Velez riding rookie roller-coaster

BILL LANKHOF -- Sun Media

, Last Updated: 10:48 AM ET

Marco Velez is four games into his Major League Soccer career and so far it has been everything he hoped it would be and feared it might be.

The Toronto FC rookie defender has tasted agony but downed it with a chaser of satisfaction. Two wins. Two losses.

Pushed into a starting role, perhaps unexpectedly before his time with the injury to No. 1 draft pick Julius James, Velez has faced a sharp learning curve. Saturday, in what coach John Carver called his best performance, Velez helped the Reds to a 1-0 home-opener win.

The previous week, judging by the Internet chatterboxes, you'd think Velez had committed an assault of indecent proportion.

"I knew myself there would be times like that coming in," Velez said yesterday of the reaction to his performance -- or lack thereof -- after a 4-1 loss to D.C. United and a shaky effort against the L.A. Galaxy. He knew there would be days when he would second-guess himself; days with too many rookie mistakes.

"It's a top league. You just have to be ready to listen, learn and work hard and I'm willing to do that," he said.

While some suggest that Velez is in over his head after being picked up from the Puerto Rico Islanders of the United Soccer League, Carver is not one of them.

"D.C. was a disaster -- but it was for everybody, not just Marco. I get this impression that there's a bit of a witch hunt after Marco because every time I go to a press conference I get asked about Marco Velez. We have to be patient. Give him time to adjust," the coach said yesterday.

While others see mistakes, Carver sees "a strong boy" who is comfortable with the ball, has pace and all the physical skills needed to succeed in the MLS. "It's a matter of making the right decisions. When you have older players they make quicker decisions, not because they're quick but because they're quite clever in the head.

"All he has to do is adjust to the pace and the standard of football."

Against L.A., Landon Donovan juked around him for a goal. Then, a Velez hand ball resulted in a goal.

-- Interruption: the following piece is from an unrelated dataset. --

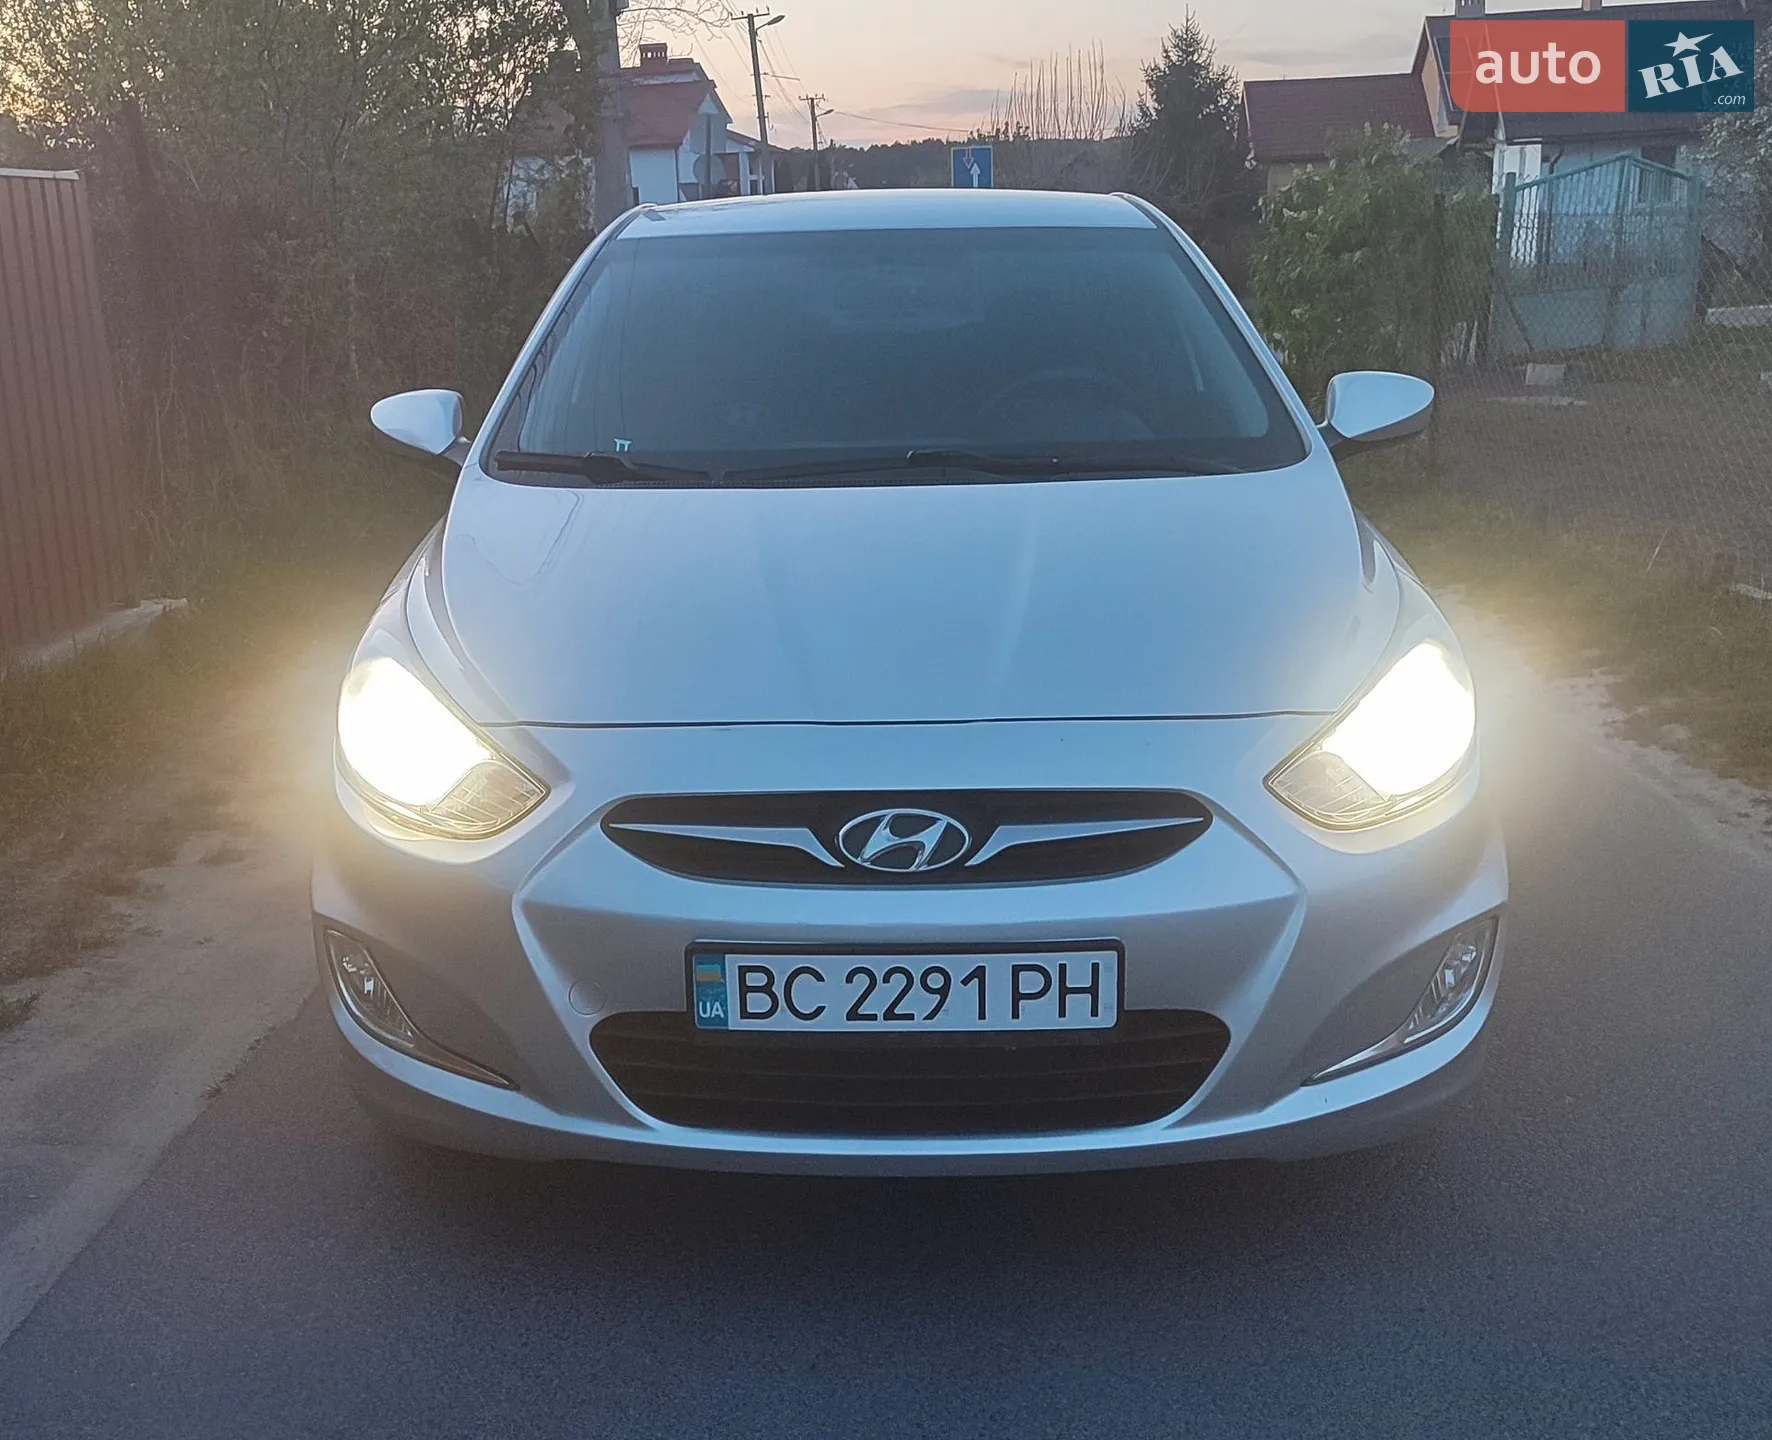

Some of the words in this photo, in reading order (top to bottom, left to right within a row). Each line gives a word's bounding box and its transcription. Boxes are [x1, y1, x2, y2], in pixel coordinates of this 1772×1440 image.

[699, 1002, 724, 1019] UA
[737, 965, 827, 1020] BC
[845, 965, 987, 1021] 2291
[1011, 962, 1100, 1019] PH

"I had two unlucky moments. But that happens to everybody. It doesn't put me down but ... there are a lot of little things I need to work on."

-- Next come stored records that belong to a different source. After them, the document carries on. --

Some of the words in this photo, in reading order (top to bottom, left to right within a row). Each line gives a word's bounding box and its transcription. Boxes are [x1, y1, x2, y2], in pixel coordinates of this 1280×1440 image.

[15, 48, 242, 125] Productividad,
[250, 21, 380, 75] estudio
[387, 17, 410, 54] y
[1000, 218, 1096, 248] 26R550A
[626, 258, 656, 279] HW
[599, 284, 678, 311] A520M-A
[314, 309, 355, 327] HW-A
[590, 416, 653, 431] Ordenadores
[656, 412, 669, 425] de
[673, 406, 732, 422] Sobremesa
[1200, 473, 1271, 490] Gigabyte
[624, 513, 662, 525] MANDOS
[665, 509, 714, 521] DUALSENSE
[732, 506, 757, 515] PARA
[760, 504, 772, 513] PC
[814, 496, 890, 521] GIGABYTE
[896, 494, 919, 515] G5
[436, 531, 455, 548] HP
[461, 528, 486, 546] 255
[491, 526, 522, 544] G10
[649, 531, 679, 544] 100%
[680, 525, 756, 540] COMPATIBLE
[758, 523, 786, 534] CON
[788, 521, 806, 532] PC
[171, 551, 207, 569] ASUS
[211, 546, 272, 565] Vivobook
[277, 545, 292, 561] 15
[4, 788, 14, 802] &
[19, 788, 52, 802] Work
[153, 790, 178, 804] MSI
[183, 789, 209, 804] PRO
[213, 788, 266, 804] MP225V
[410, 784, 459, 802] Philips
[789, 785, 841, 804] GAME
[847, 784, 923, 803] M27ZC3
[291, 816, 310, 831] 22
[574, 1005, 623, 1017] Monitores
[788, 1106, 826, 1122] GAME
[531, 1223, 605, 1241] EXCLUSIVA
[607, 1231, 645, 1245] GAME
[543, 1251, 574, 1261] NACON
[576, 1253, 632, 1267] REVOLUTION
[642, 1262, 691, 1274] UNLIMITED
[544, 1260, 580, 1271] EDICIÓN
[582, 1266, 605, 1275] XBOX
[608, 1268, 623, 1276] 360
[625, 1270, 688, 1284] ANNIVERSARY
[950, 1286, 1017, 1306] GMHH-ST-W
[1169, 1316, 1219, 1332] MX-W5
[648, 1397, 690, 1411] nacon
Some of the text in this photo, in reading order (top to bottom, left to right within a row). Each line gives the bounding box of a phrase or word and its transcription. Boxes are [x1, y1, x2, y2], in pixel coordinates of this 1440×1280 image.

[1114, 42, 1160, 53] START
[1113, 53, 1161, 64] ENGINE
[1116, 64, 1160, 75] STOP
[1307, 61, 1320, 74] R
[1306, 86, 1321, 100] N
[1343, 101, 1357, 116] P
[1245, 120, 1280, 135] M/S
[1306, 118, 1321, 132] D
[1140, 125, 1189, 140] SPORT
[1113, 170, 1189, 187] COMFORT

When Velez dressed for FC's opener he became the first Puerto Rican born and raised player to make it to the MLS. It came after five seasons in the United League.

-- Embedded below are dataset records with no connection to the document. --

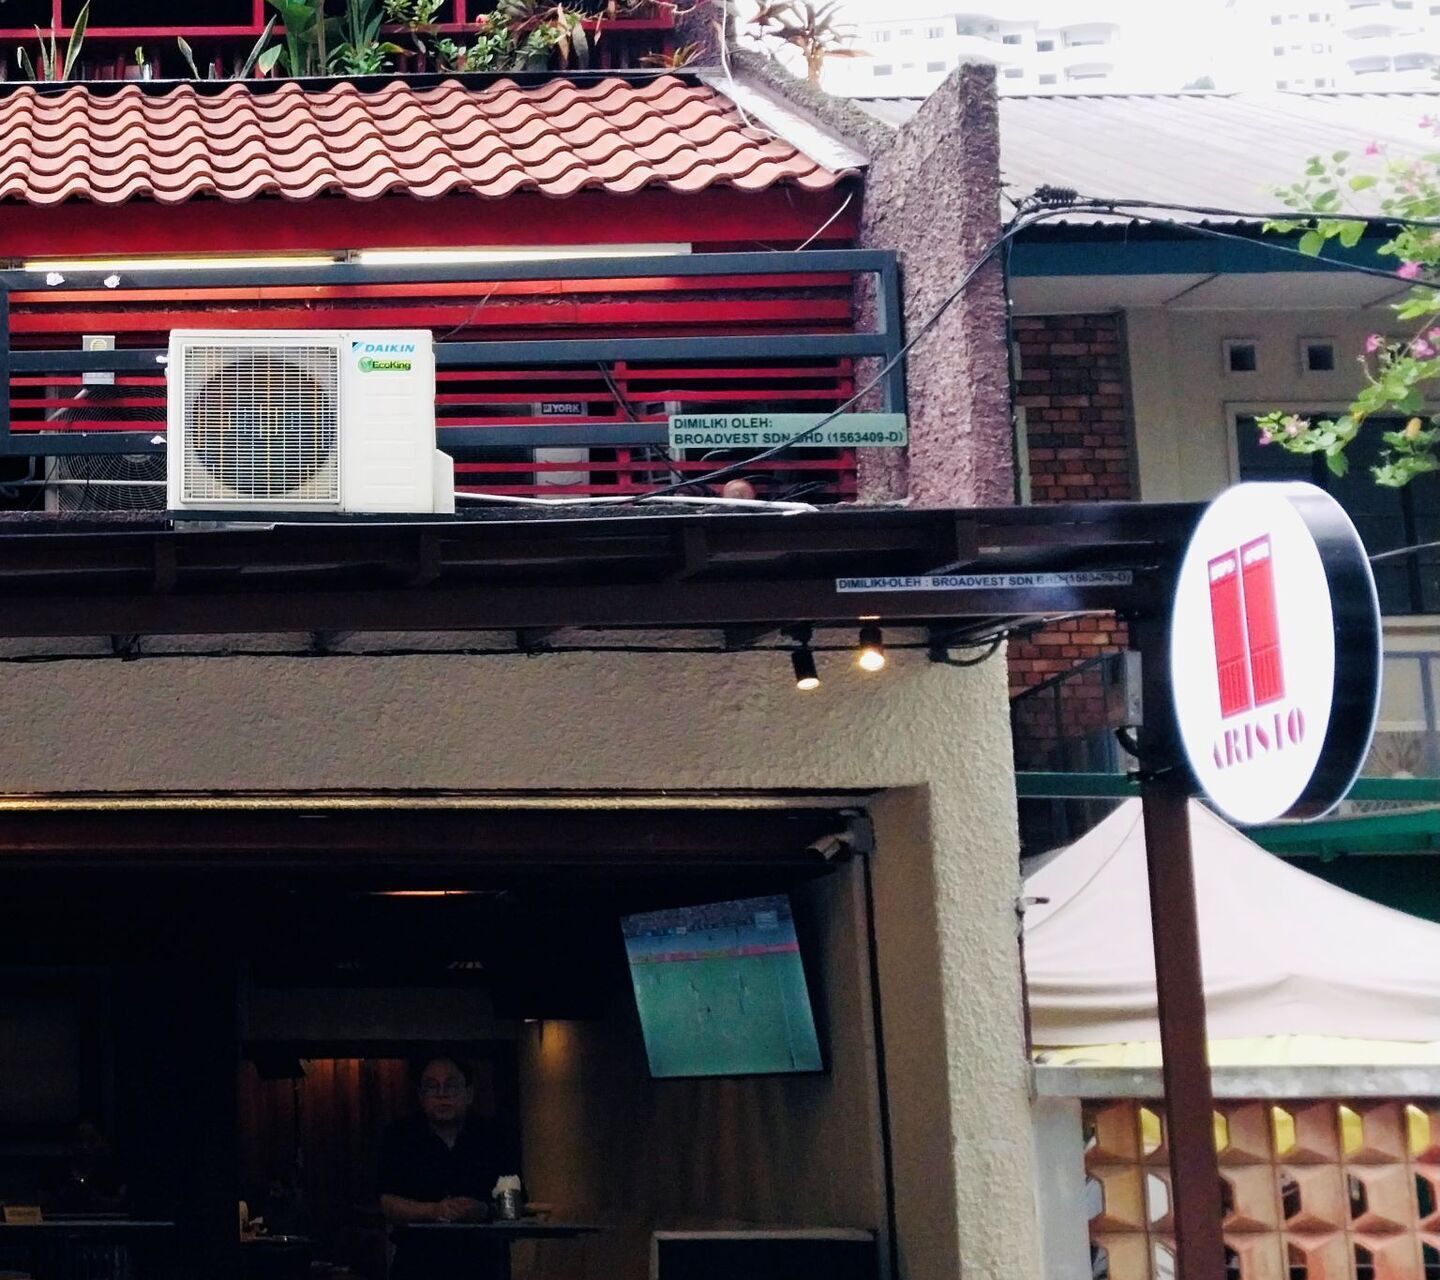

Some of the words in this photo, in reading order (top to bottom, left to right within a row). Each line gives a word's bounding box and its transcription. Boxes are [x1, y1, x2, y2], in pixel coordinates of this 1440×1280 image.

[365, 344, 415, 353] DAIKIN
[372, 360, 411, 370] EcoKing
[552, 403, 581, 413] YORK
[673, 418, 728, 430] DIMILIKI
[730, 417, 773, 429] OLEH:
[674, 433, 758, 445] BROADVEST
[762, 432, 790, 444] SDN
[932, 576, 1006, 586] BROADVEST
[1008, 575, 1033, 586] SDN

"He has come to a higher standard of football," Carver said. "He has come into a bigger club, different environment, playing on a different surface, new players, new coach. A lot of things are against him. But, since the DC game he has knuckled down. He's improving. He had a problem: He didn't know when to step up or when to hold, something we've worked on. As long as he's prepared to listen and learn then he'll make progress."

In the USL, Velez had a comfort zone bred of familiarity, that he knew would not be there this season.

"It's a big jump. Also I've never faced any of the players here. In the other league, I'd faced a lot of those guys for years so I know every player and what they do. Here, I don't know any of the (opposing players) strengths or tendencies. People can tell you but once the game starts, it's not the same as knowing yourself."

So Donovan steps around him like he's fitted with Jimmy Hoffa loafers. "When you know players as a defender you can anticipate what they're going to do," Carver said.

Velez, named captain of his national team in January, played 123 games in the USL and last year led the Islanders to the semi-finals. But the MSL game is a fraction quicker with an extra dash of skill.

"It's not a day and night difference," Velez said. "The players here realize and recognize little spaces that some of the guys over there don't see as quickly. Sometimes you can get away with things in the other league that you can't get away with here."